## TASK PROMPT
The answer should be every line below, repeated exactly, with the images left out.

[[ SUPPLIED MATERIAL open ]]

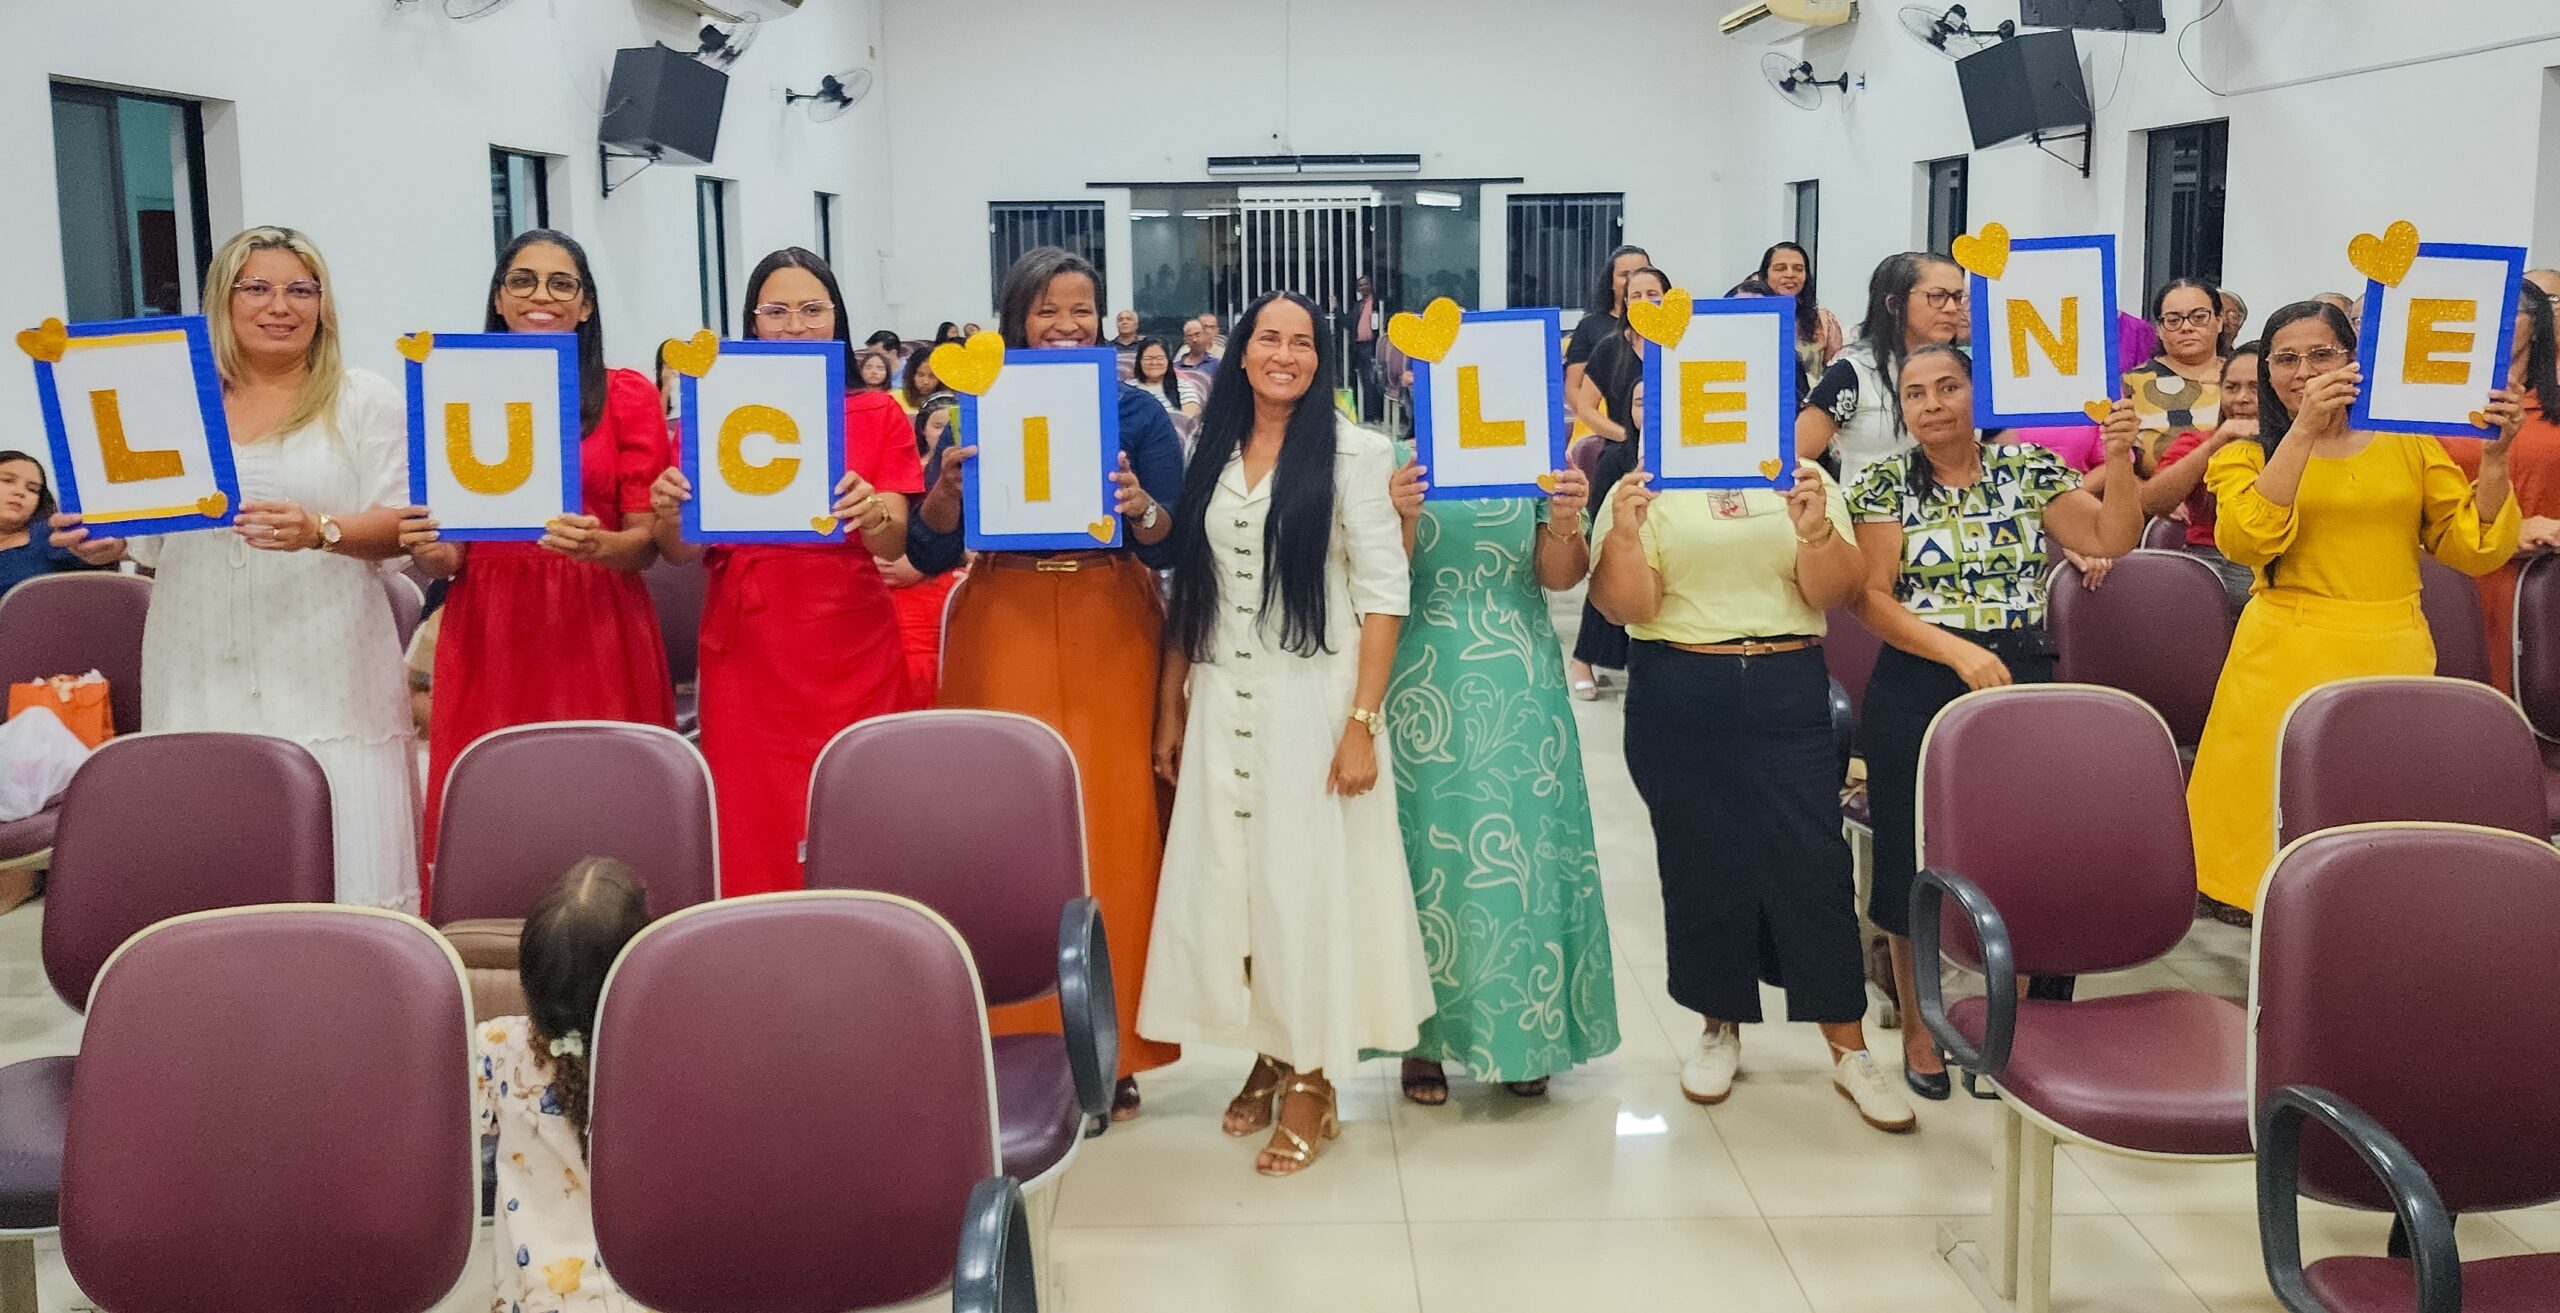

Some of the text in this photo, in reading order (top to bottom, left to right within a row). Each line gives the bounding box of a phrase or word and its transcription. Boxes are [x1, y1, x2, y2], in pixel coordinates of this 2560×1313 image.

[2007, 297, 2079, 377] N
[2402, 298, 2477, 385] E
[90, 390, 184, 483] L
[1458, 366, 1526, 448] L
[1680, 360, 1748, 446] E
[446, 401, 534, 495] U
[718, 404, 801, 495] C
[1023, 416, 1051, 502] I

[[ SUPPLIED MATERIAL closed ]]

## EXERCISE OUTPUT
Some of the text in this photo, in reading order (top to bottom, left to right within a row). Each line gives the bounding box of a phrase or word and its transcription. Boxes are [x1, y1, x2, y2], in pixel coordinates of this 2560×1313 image.

[2007, 297, 2079, 377] N
[2402, 298, 2477, 385] E
[90, 390, 184, 483] L
[1458, 366, 1526, 448] L
[1680, 360, 1748, 446] E
[446, 401, 534, 495] U
[718, 404, 801, 495] C
[1023, 416, 1051, 502] I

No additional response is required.